Work done by load in charging a capacitor

[PriceMike]

Sooo confused!

 

[truesearch]

I have attached photographs of the demonstration of em radiation from the connecting wires in the capacitor circuit.
The first picture shows the components, the powersupply is a square wave signal generator to charge and discharge the capacitor. The variable resistor is 0-15Ω.
The black wire is one of the current carrying leads in the capacitor circuit and the yellow wire is the 'pickup' coil.
The second photo is the square wave supply and the third photo is what is picked up by the yellow coil from the black wire. I passed the black wire through the coil several times to obtain a trace that could be photographed. There is a trace with the coil just sitting on the straight wire.
When the resistance is decreased the pickup increases (current is greater)
There is 'something' passing from the current carrying wire to the coil and this is energy being lost from the capacitor circuit.
There are essentially 2 means of dissipating the 0.5QV of energy...(1) Joule heating due to resistance (2) electromagnetic (radio) radiation from the wire as a result of the changing current. The 2 together account for the missing energy.

 

[sophiecentaur]

Very interesting and not at all surprising that you can 'detect' some radiated RF. We have established that there is some. But do you actually know (how can you?) how much Power is being radiated by this mechanism and how do you know how much Power is being dissipated by resistive elements in the rest of the circuit? Do you actually know the resistance in the circuit? What about the output impedance of the sig genny at your operating frequency?
Introducing the idea of superconductivity is a complete red herring because there are NO power sources with zero internal resistance - even if there are some superconducting wires involved in the rest of the circuit.
If all the 'extra' power is being coupled out into space then you have achieved a remarkable feat.

 

[jsmith613]

Very interesting and not at all surprising that you can 'detect' some radiated RF. We have established that there is some. But do you actually know (how can you?) how much Power is being radiated by this mechanism and how do you know how much Power is being dissipated by resistive elements in the rest of the circuit? Do you actually know the resistance in the circuit? What about the output impedance of the sig genny at your operating frequency?
Introducing the idea of superconductivity is a complete red herring because there are NO power sources with zero internal resistance - even if there are some superconducting wires involved in the rest of the circuit.
If all the 'extra' power is being coupled out into space then you have achieved a remarkable feat.

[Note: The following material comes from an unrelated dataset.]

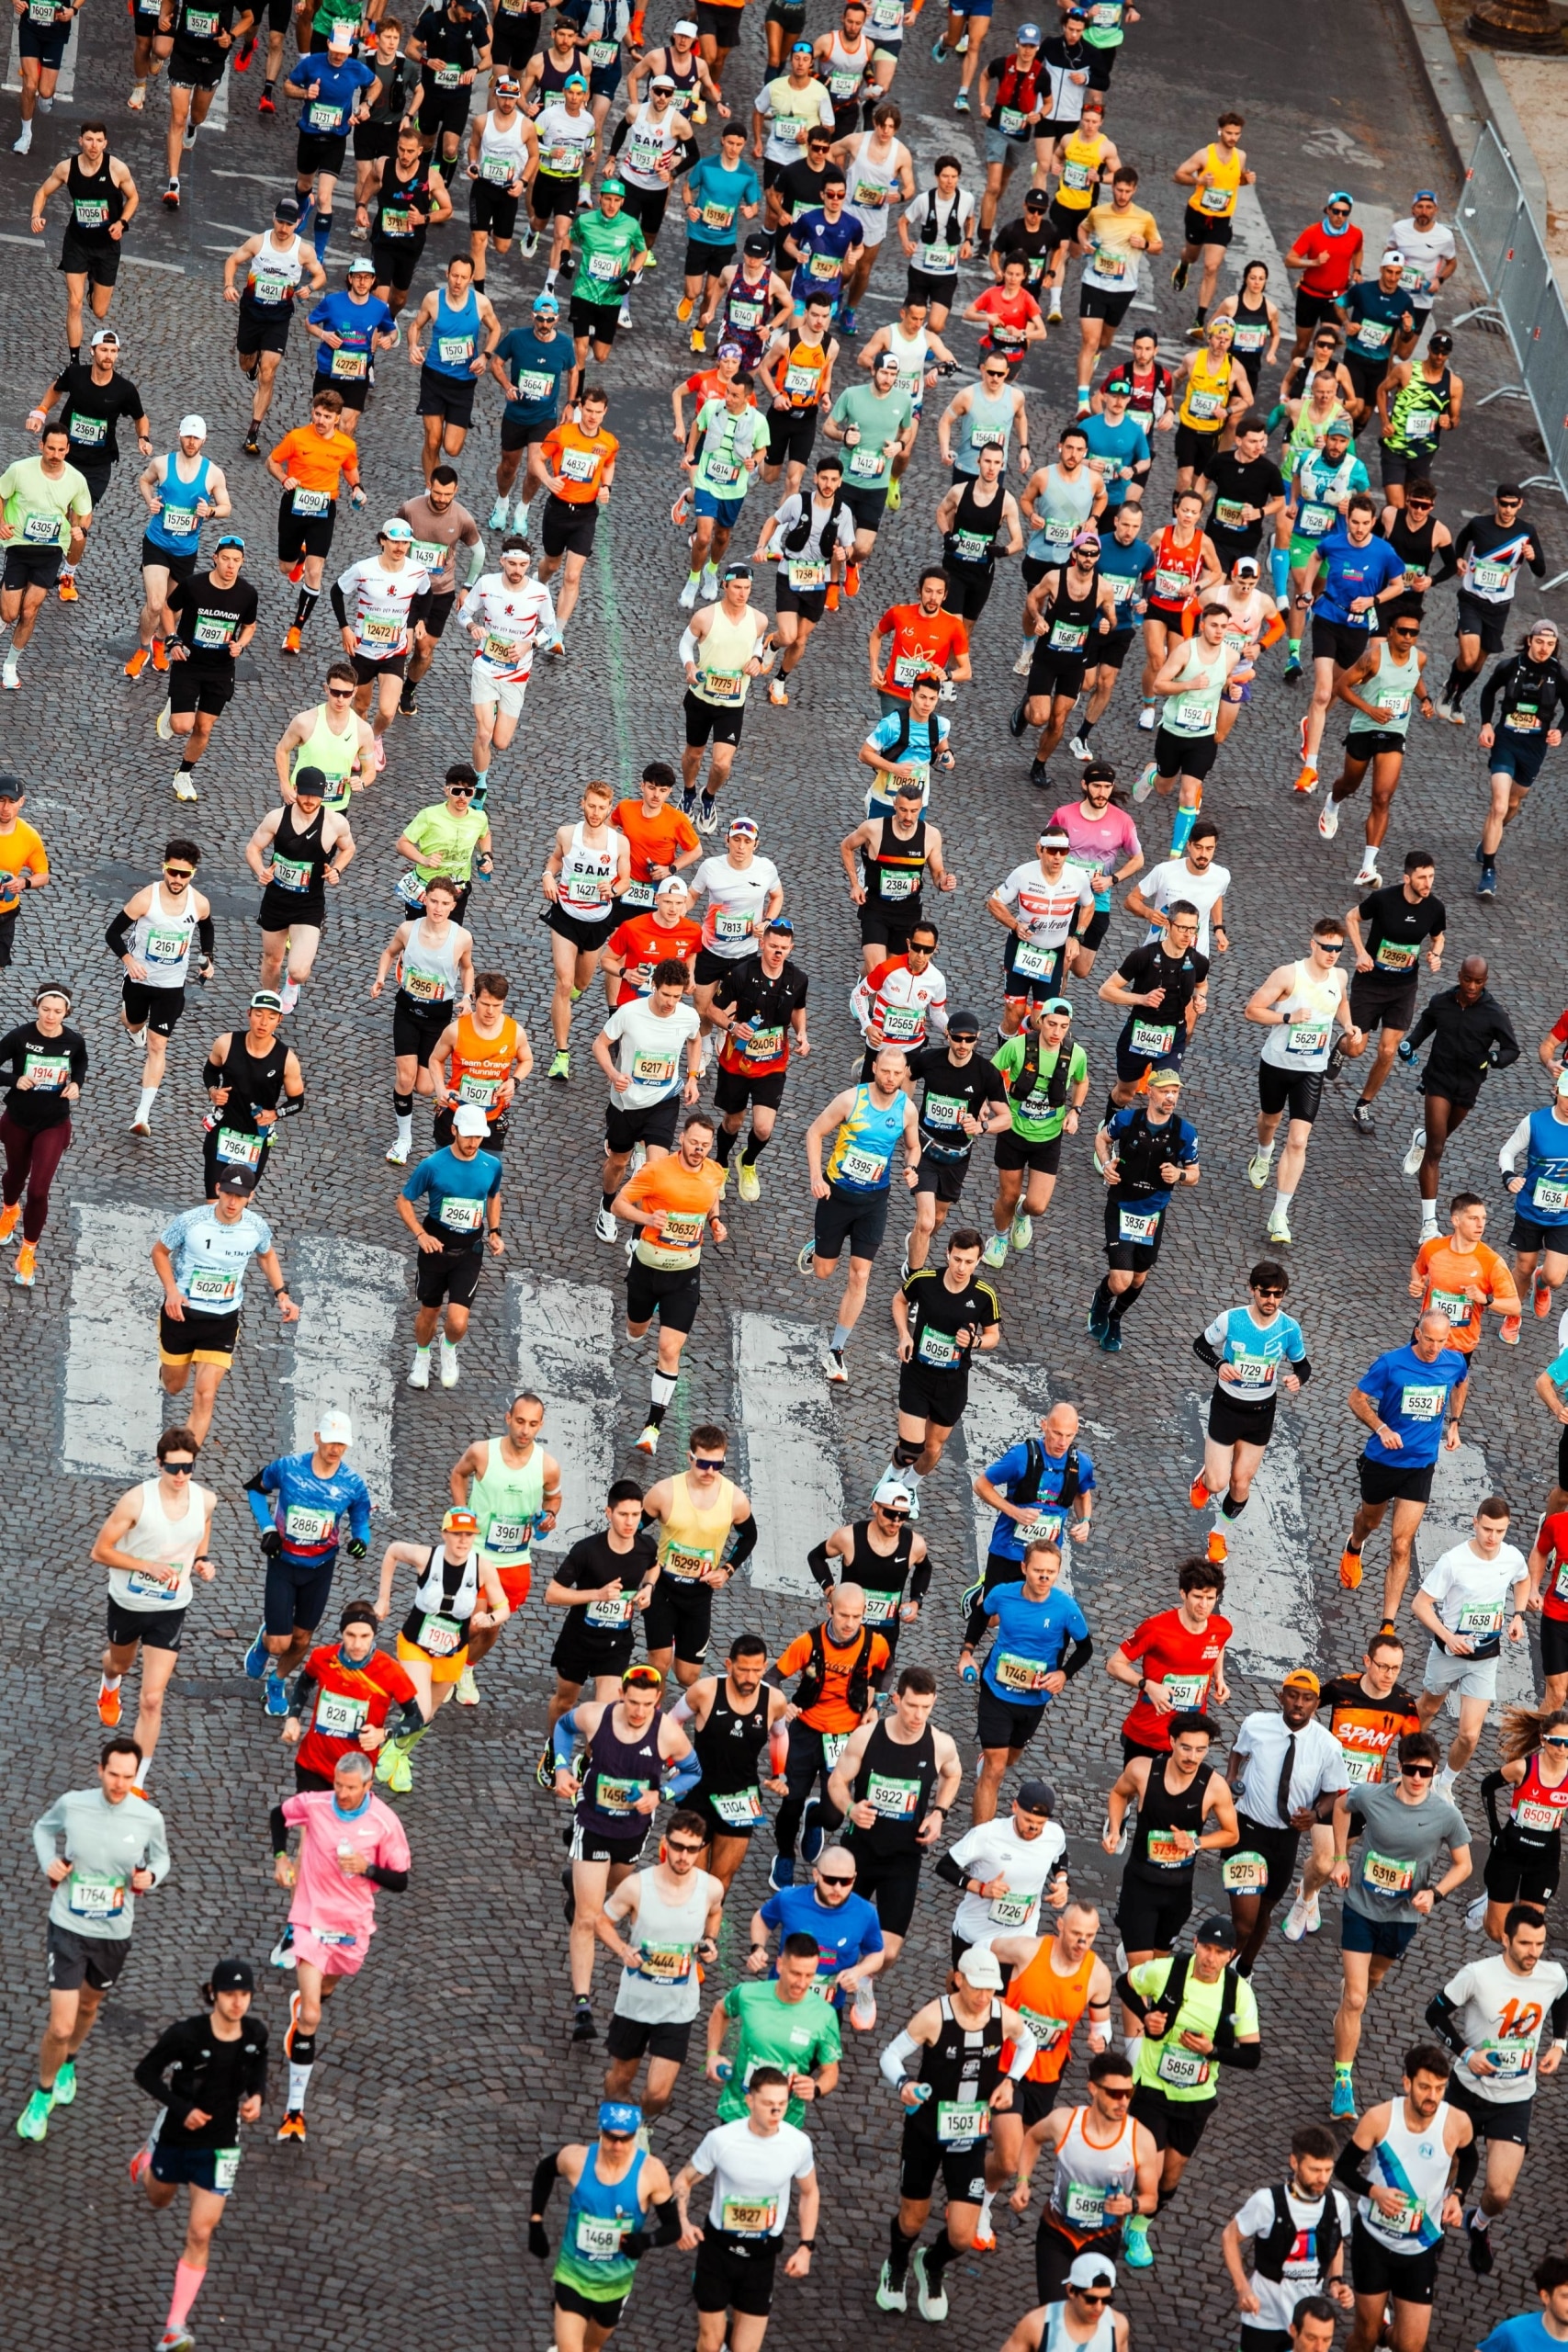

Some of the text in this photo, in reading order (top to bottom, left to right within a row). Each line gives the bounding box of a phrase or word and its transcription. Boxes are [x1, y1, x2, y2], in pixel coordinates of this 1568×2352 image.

I did not realize anyone answered the q...seems like lots of people had fun but I just want to check what I asked first time
anyway to summarise MY initial question:
- work done by power source = QV
- energy stored = 1/2*QV
- missing energy is transferred to wires

right?

 

[BruceW]

I did not realize anyone answered the q...seems like lots of people had fun but I just want to check what I asked first time
anyway to summarise MY initial question:
- work done by power source = QV
- energy stored = 1/2*QV
- missing energy is transferred to wires

right?

Exactly. And if there are other components in the circuit, some of the missing energy will also be transferred to them.

 

[truesearch]

the missing energy is dissipated (lost) from the wires
There are 2 clear means of dissipating energy
1) resistance of wires (joule heating)...could be as near zero as you want to get
2) electromagnetic radiation from the wires...can never be zero if the current is changing.